Sari Botton‘s memoir in essays, And You May Find Yourself…Confessions of a Late-Blooming Gen-X Weirdo, was chosen by Poets & Writers magazine for the 2022 edition of its annual “5 Over 50” feature. An essay from it received notable mention in The Best American Essays 2023, edited by Vivian Gornick. For five years, she was the Essays Editor at Longreads. She edited the bestselling anthologies Goodbye to All That: Writers on Loving and Leaving NewYork and Never Can Say Goodbye: Writers on Their Unshakable Love for New York. She publishes Oldster Magazine, Memoir Land, and Adventures in Journalism. She was the Writer in Residence in the creative writing department at SUNY New Paltz for Spring, 2023.

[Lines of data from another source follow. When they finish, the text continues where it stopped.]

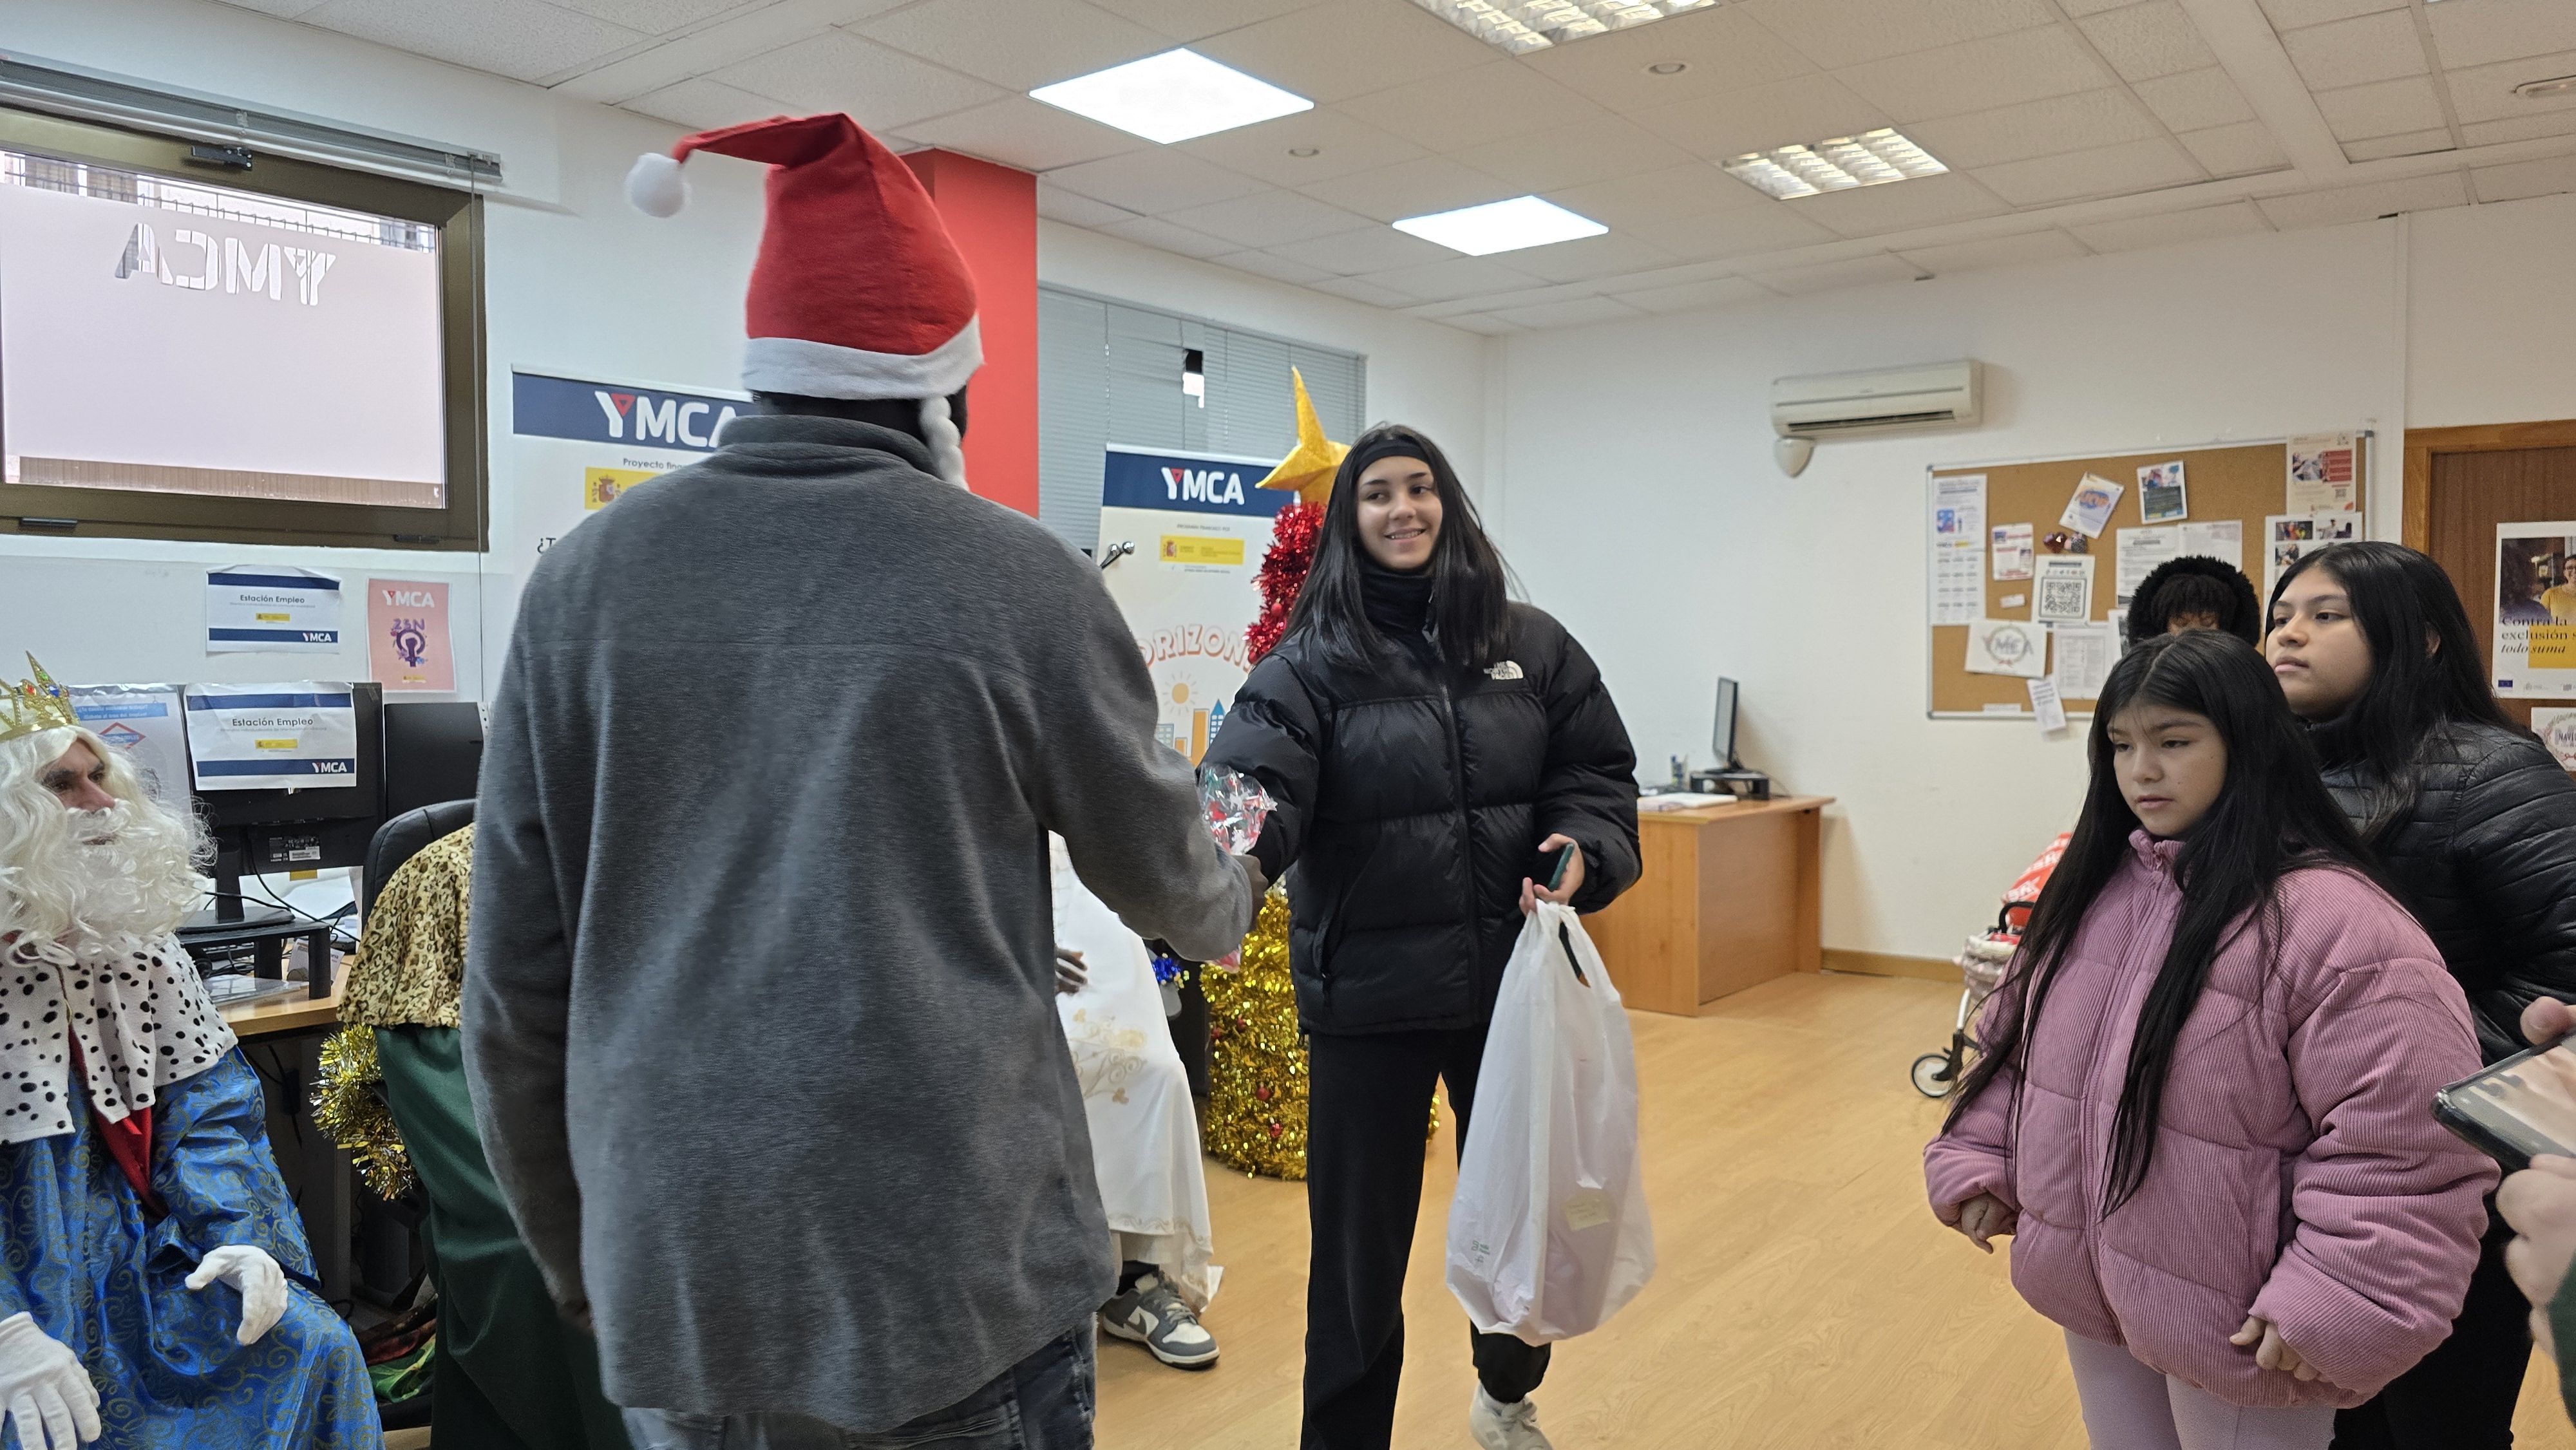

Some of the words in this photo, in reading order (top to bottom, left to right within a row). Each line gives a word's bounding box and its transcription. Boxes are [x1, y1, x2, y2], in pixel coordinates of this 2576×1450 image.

[623, 458, 664, 469] Proyecto
[1160, 467, 1245, 505] YMCA
[240, 594, 273, 602] Estación
[382, 590, 435, 608] YMCA
[2502, 617, 2550, 626] Contra
[2555, 616, 2567, 626] la
[303, 632, 332, 642] YMCA
[2502, 629, 2568, 640] exclusión
[1137, 623, 1254, 674] ORIZON
[2501, 643, 2528, 653] todo
[232, 717, 274, 726] Estación
[277, 718, 314, 728] Empleo
[2559, 732, 2576, 741] NAVI
[312, 762, 347, 773] YMCA
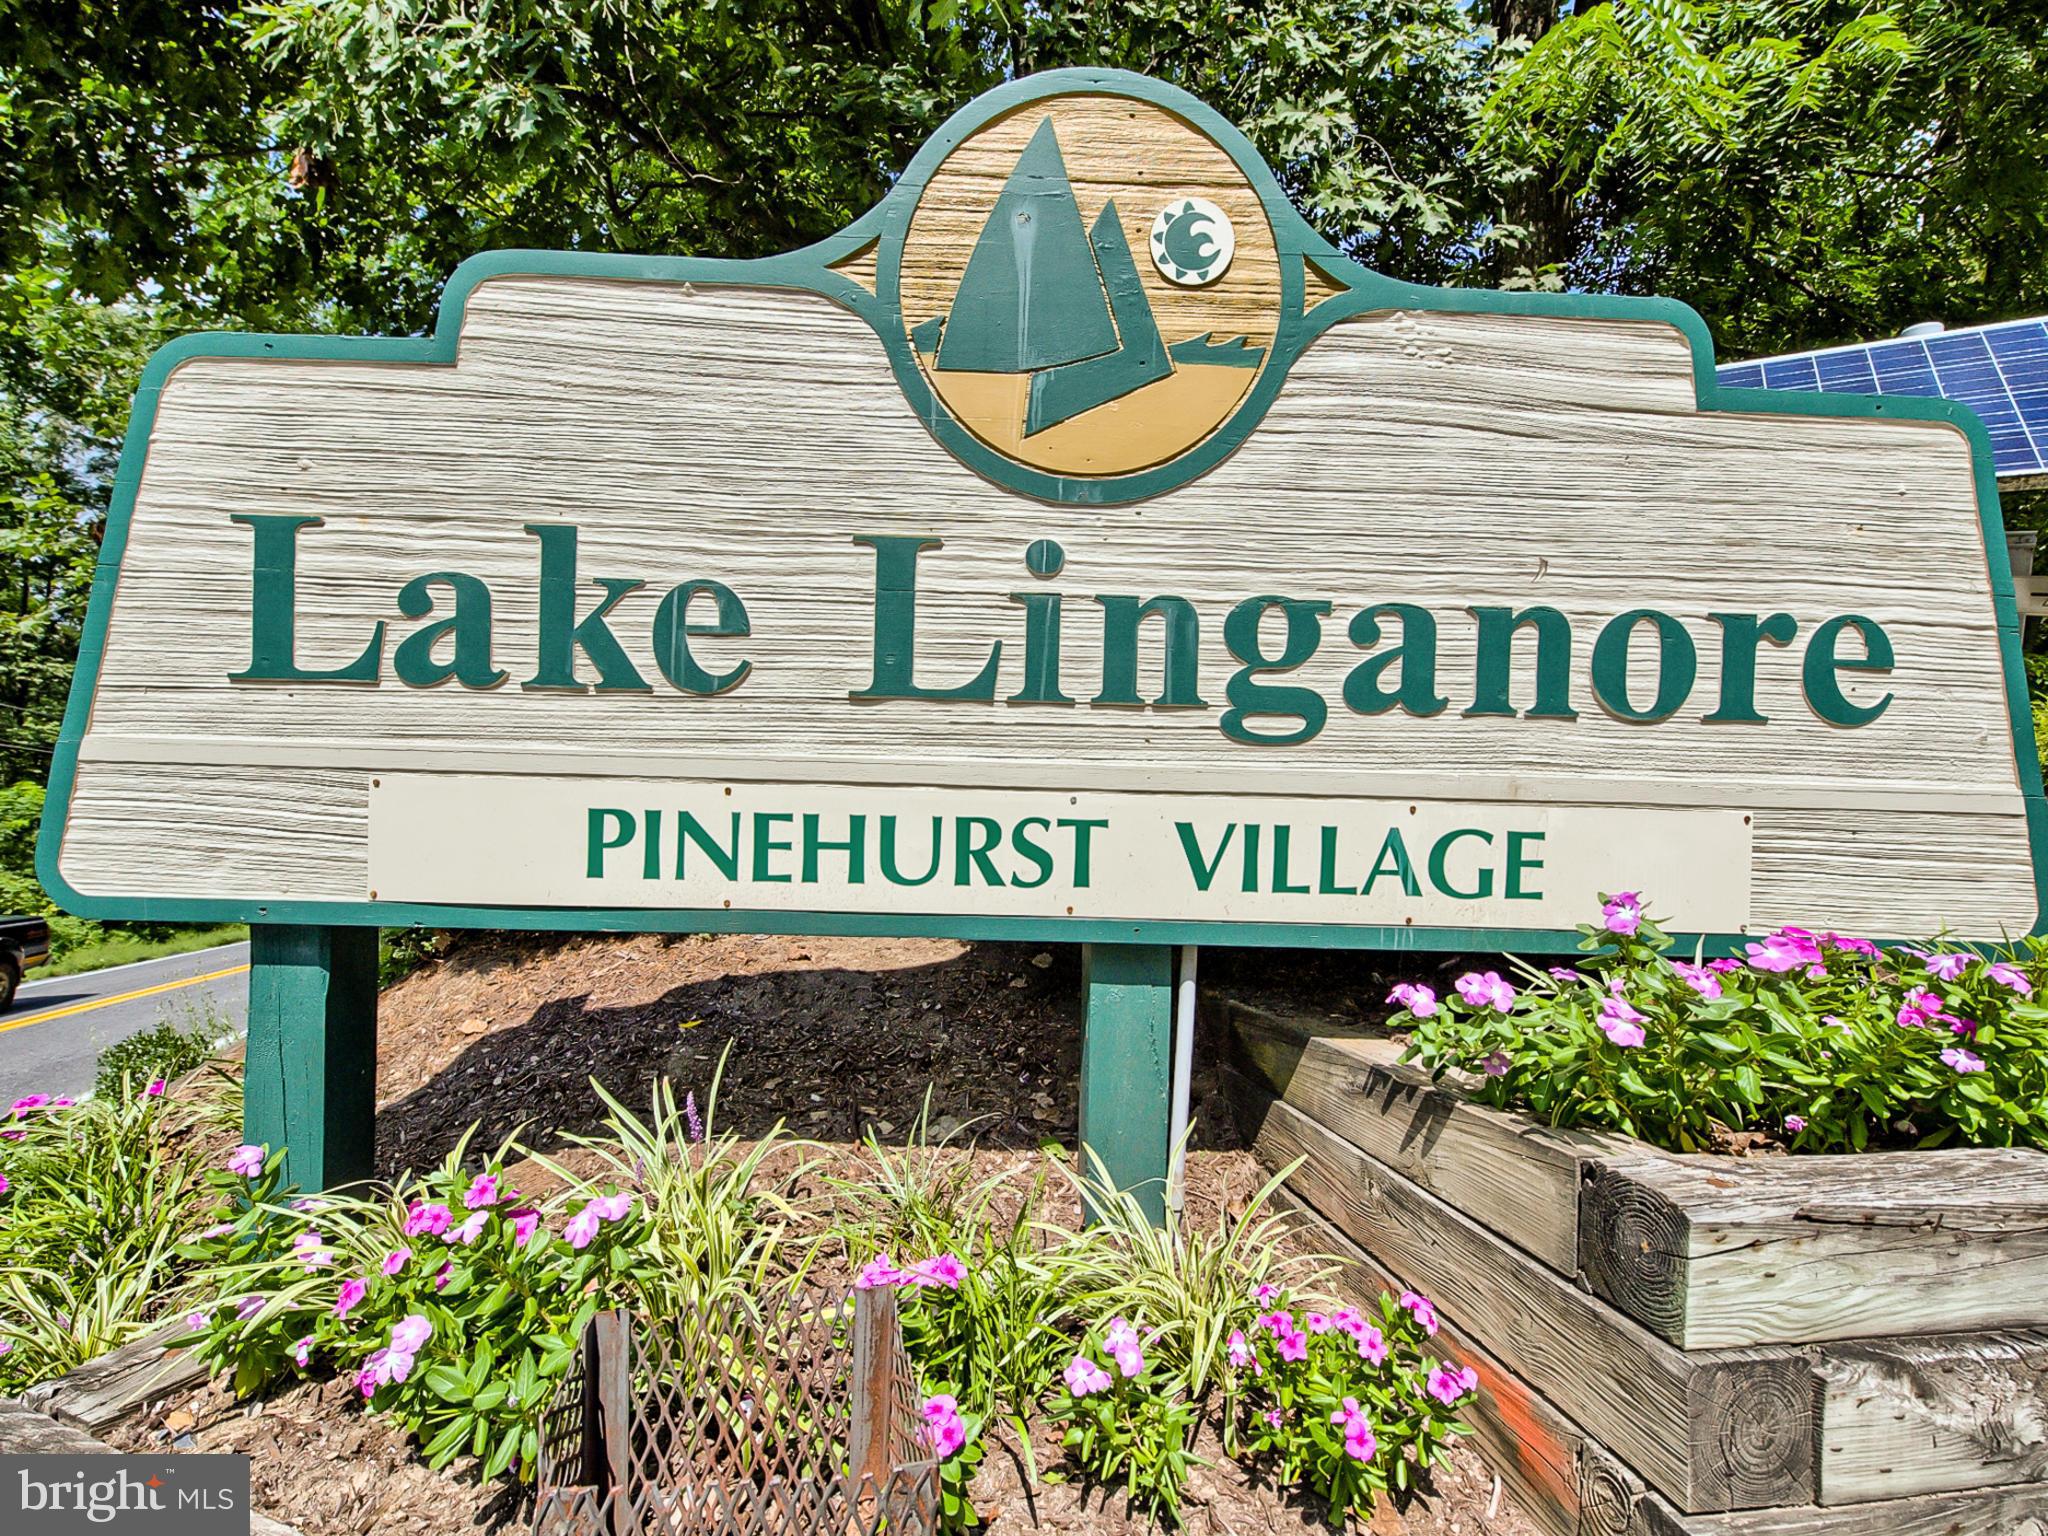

Elissa Altman is the award-winning author of Permission: The New Memoirist and the Courage to Create, and the memoirs Motherland: A Memoir of Love, Loathing, and Longing, Treyf: My Life as an Unorthodox Outlaw, and Poor Man’s Feast: A Love Story of Comfort, Desire, and the Art of Simple Cooking. Three-time finalist and winner of a James Beard Award for narrative food writing, she has been a Pushcart Prize nominee for her essay Forever Less of Beauty, and a finalist for the Lambda Literary Award, Connecticut Book Award, Maine Literary Award, and the Frank McCourt Memoir Prize. Her work has appeared in publications including Orion, Longreads, The Bitter Southerner, On Being, O: The Oprah Magazine, LitHub, the Wall Street Journal, The Guardian, and the Washington Post, where her column, Feeding My Mother, ran for a year. Altman writes and speaks widely on the intersection of permission and creativity, and has appeared live on the TEDx stage and at the Public Theater in New York. She teaches the craft of memoir at Orion, Fine Arts Work Center, Maine Writers & Publishers Alliance, Kripalu, Truro Center for the Arts, Rutgers Community Writing Workshop, and beyond, She lives in Connecticut with her wife, book designer Susan Turner.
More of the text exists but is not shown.